Saved data entries
Segment Open

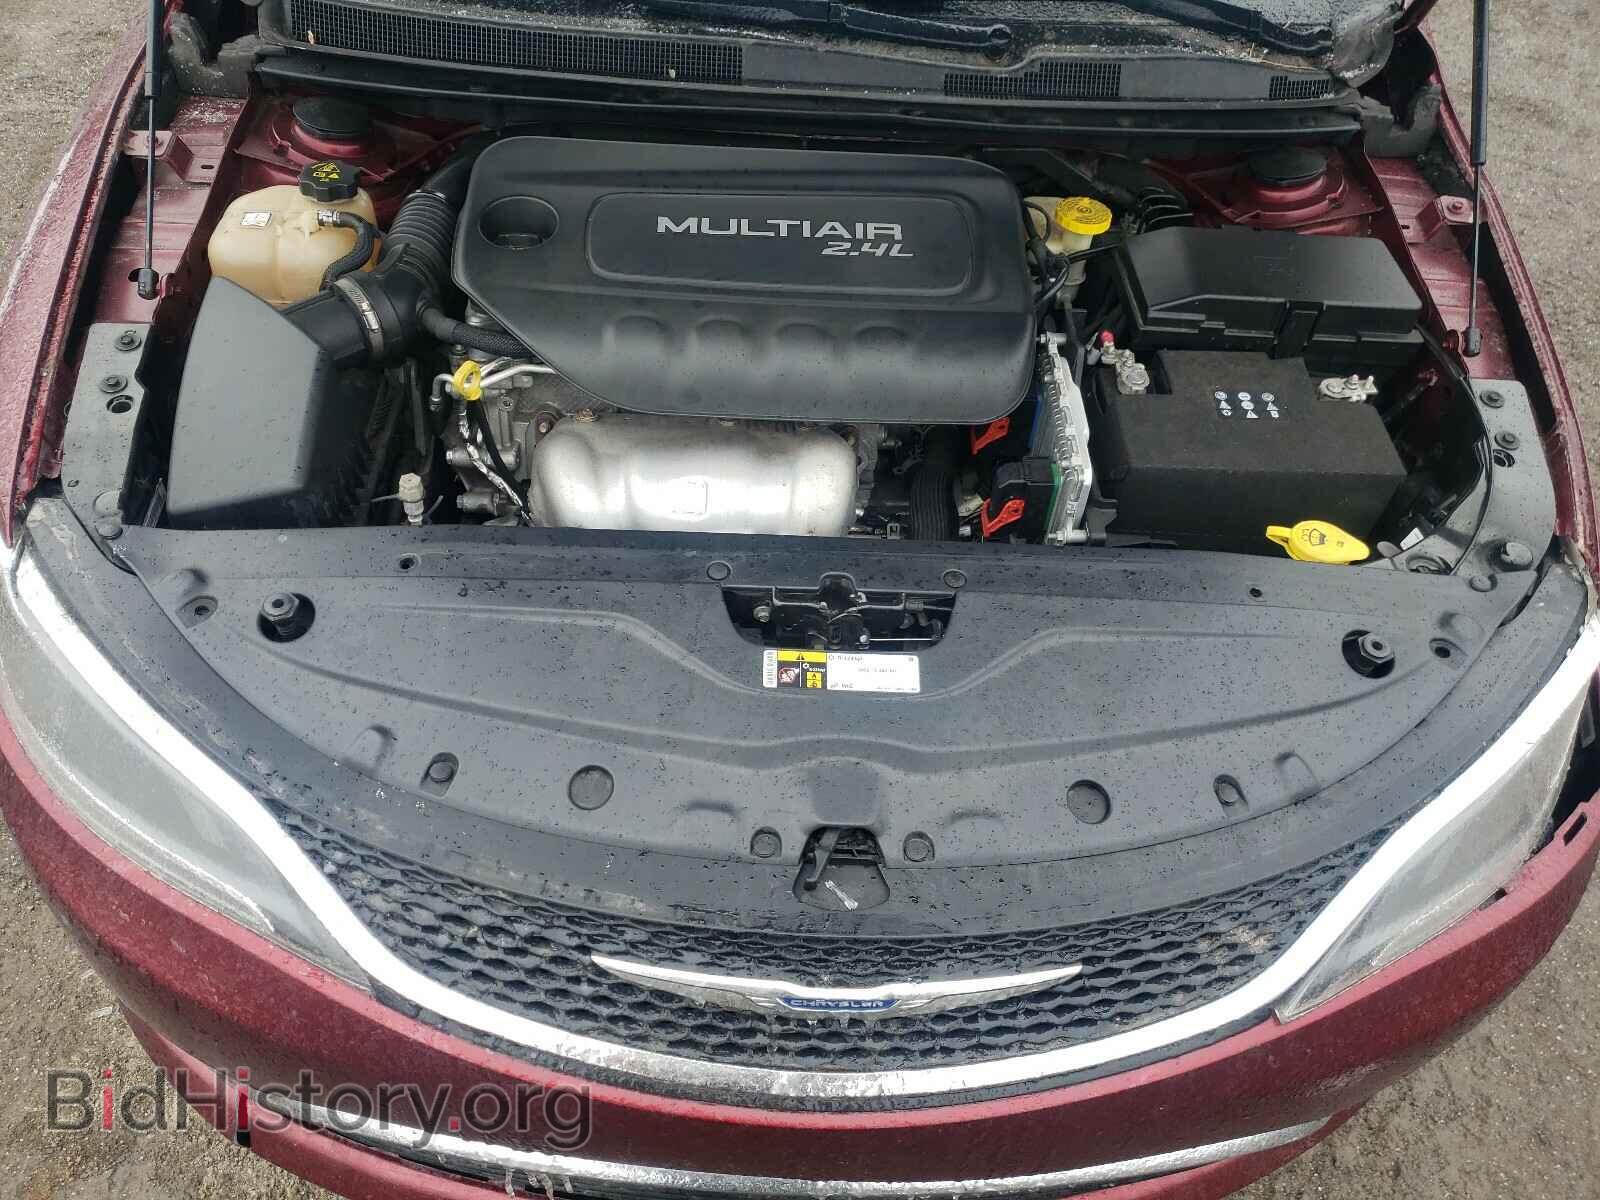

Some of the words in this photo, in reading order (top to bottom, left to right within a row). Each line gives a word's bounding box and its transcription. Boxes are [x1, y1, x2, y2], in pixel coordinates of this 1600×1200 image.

[656, 216, 903, 240] MULTIAIR
[821, 241, 914, 257] 2.4L
[789, 999, 884, 1008] CHRYSLER
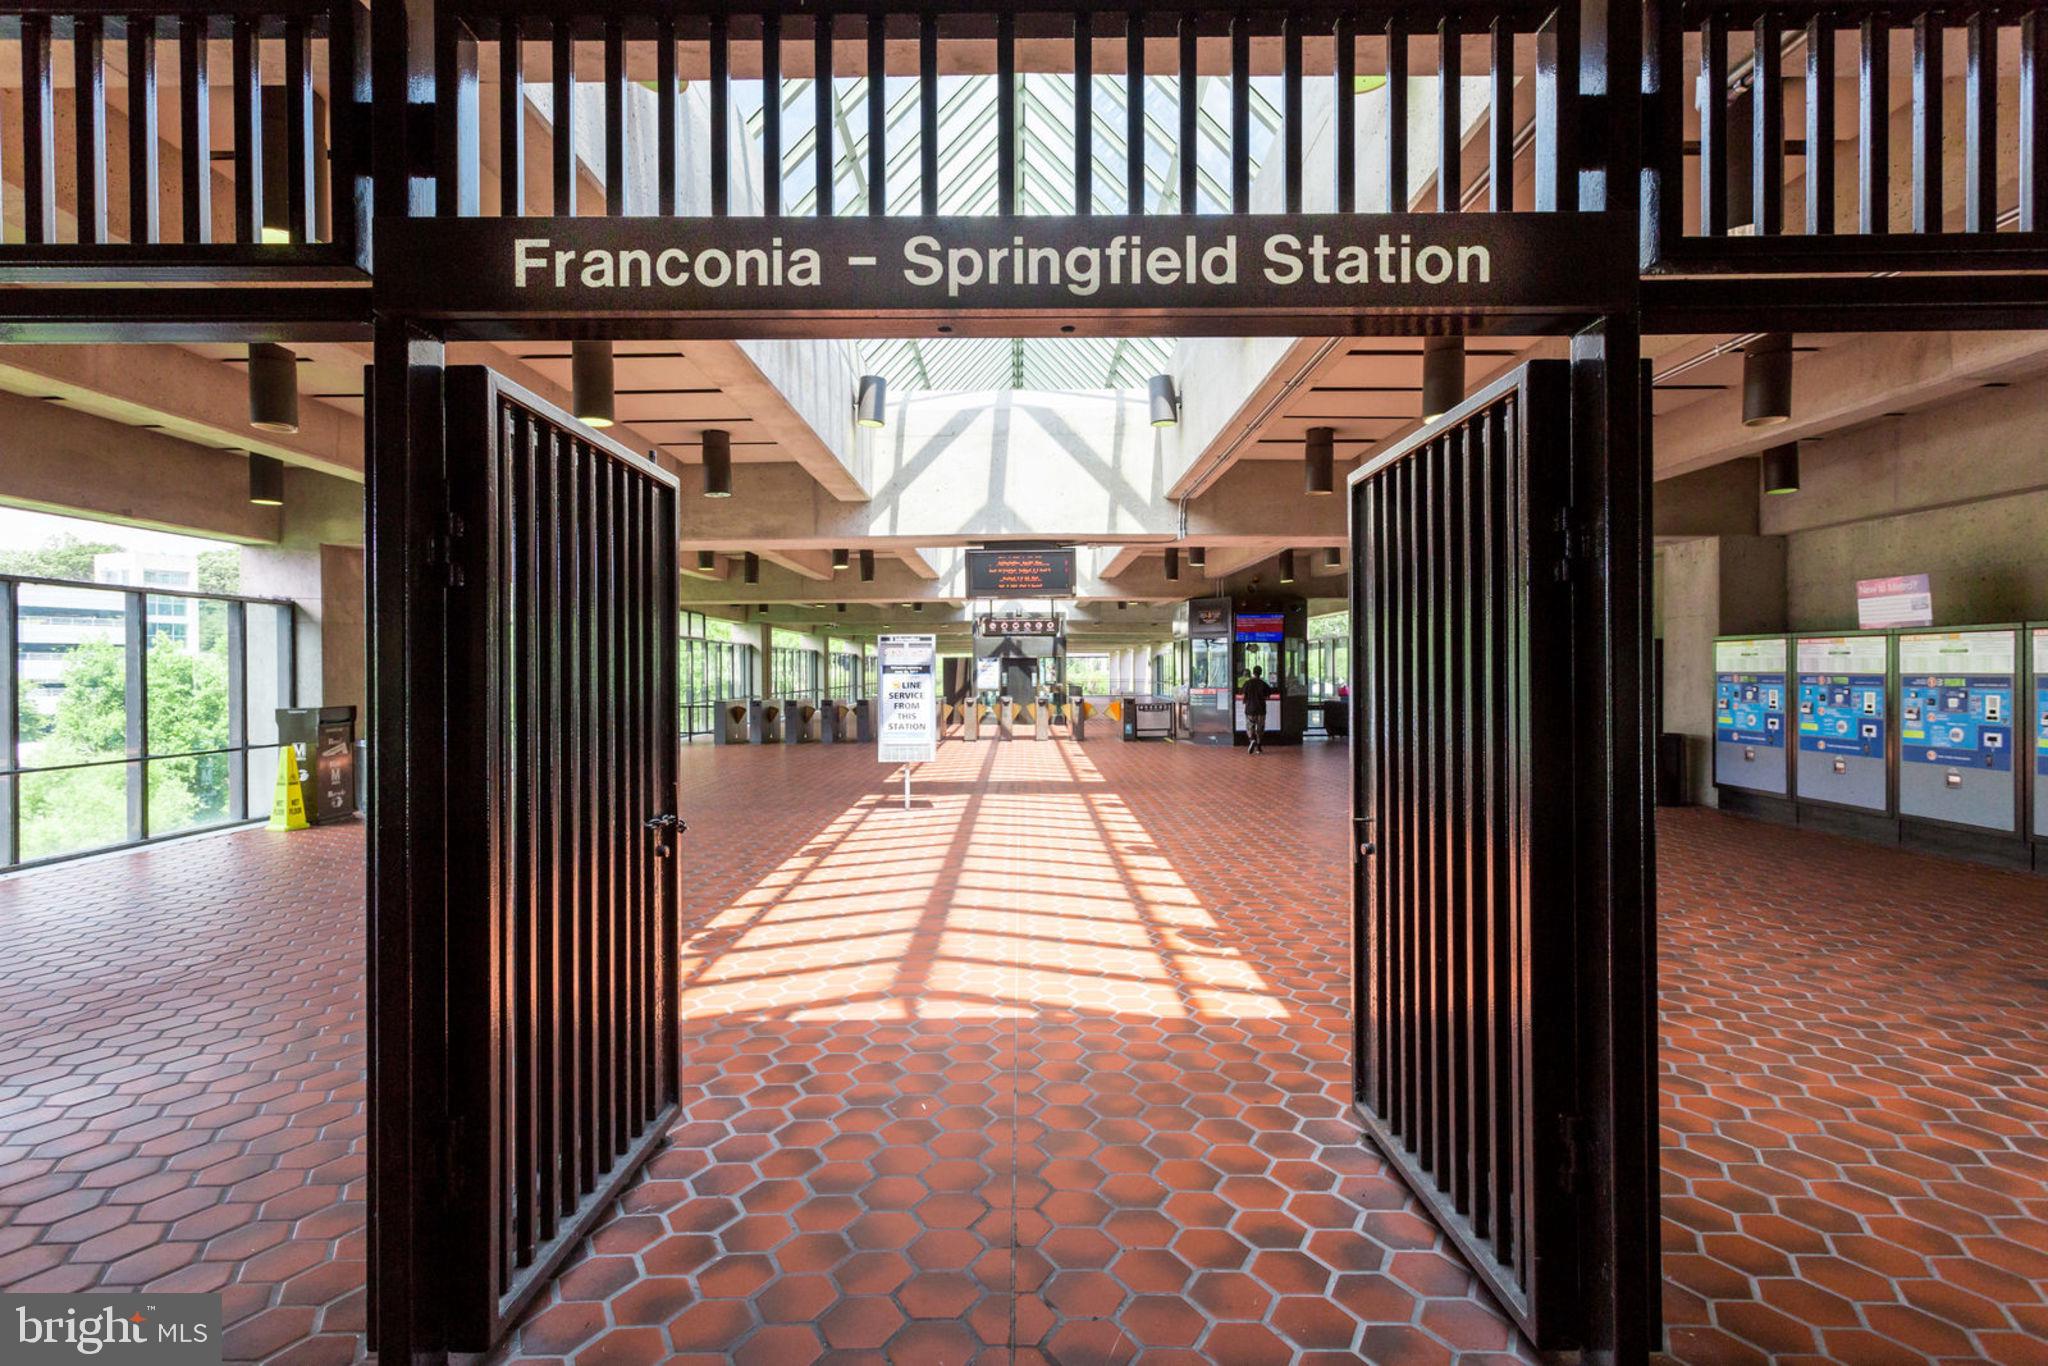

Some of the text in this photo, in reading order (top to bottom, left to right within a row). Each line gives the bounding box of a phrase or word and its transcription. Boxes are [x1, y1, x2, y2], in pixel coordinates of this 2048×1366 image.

[514, 237, 822, 288] Franconia
[903, 234, 1237, 297] Springfield
[1262, 233, 1491, 285] Station
[902, 681, 921, 689] LINE
[888, 692, 924, 700] SERVICE
[894, 702, 920, 710] FROM
[897, 712, 917, 720] THIS
[887, 722, 926, 731] STATION

Segment Closed

__EXERCISE BRIEF__
Every entry must be written out exactly, with all pictures left out.

__OUTPUT FOR THIS TASK__
Some of the words in this photo, in reading order (top to bottom, left to right within a row). Each line gives a word's bounding box and its transcription. Boxes are [x1, y1, x2, y2], in pixel coordinates of this 1600×1200 image.

[656, 216, 903, 240] MULTIAIR
[821, 241, 914, 257] 2.4L
[789, 999, 884, 1008] CHRYSLER

Some of the text in this photo, in reading order (top to bottom, left to right within a row). Each line gives the bounding box of a phrase or word and its transcription. Boxes are [x1, y1, x2, y2], in pixel coordinates of this 2048×1366 image.

[514, 237, 822, 288] Franconia
[903, 234, 1237, 297] Springfield
[1262, 233, 1491, 285] Station
[902, 681, 921, 689] LINE
[888, 692, 924, 700] SERVICE
[894, 702, 920, 710] FROM
[897, 712, 917, 720] THIS
[887, 722, 926, 731] STATION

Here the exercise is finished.